EXERCISE DESCRIPTION – Copy out all the lines of the data precisely, omitting any pictures.

AVAILABLE DATA –
-------------------------
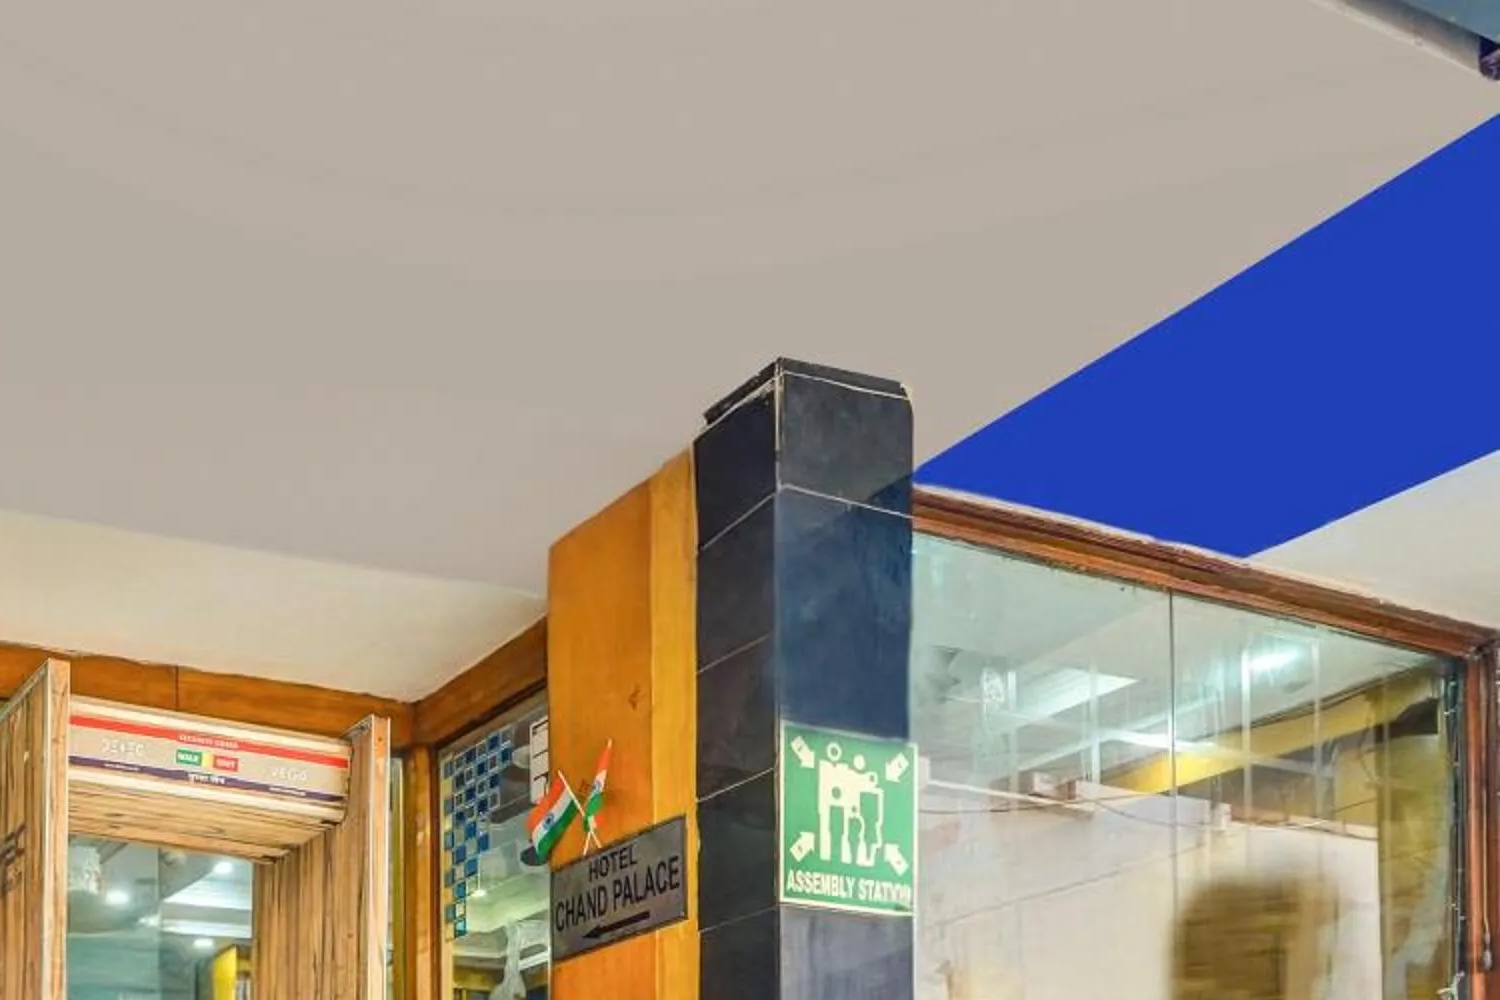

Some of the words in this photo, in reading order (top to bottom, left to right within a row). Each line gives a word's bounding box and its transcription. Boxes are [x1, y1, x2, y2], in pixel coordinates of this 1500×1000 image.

[589, 844, 637, 882] HOTEL
[555, 886, 607, 931] CHAND
[613, 855, 680, 911] PALACE
[787, 869, 855, 898] ASSEMBLY
[858, 877, 911, 903] STATION
-------------------------
RESULT FOR THIS TASK –
Some of the words in this photo, in reading order (top to bottom, left to right within a row). Each line gives a word's bounding box and its transcription. Boxes are [x1, y1, x2, y2], in pixel coordinates of this 1500×1000 image.

[589, 844, 637, 882] HOTEL
[555, 886, 607, 931] CHAND
[613, 855, 680, 911] PALACE
[787, 869, 855, 898] ASSEMBLY
[858, 877, 911, 903] STATION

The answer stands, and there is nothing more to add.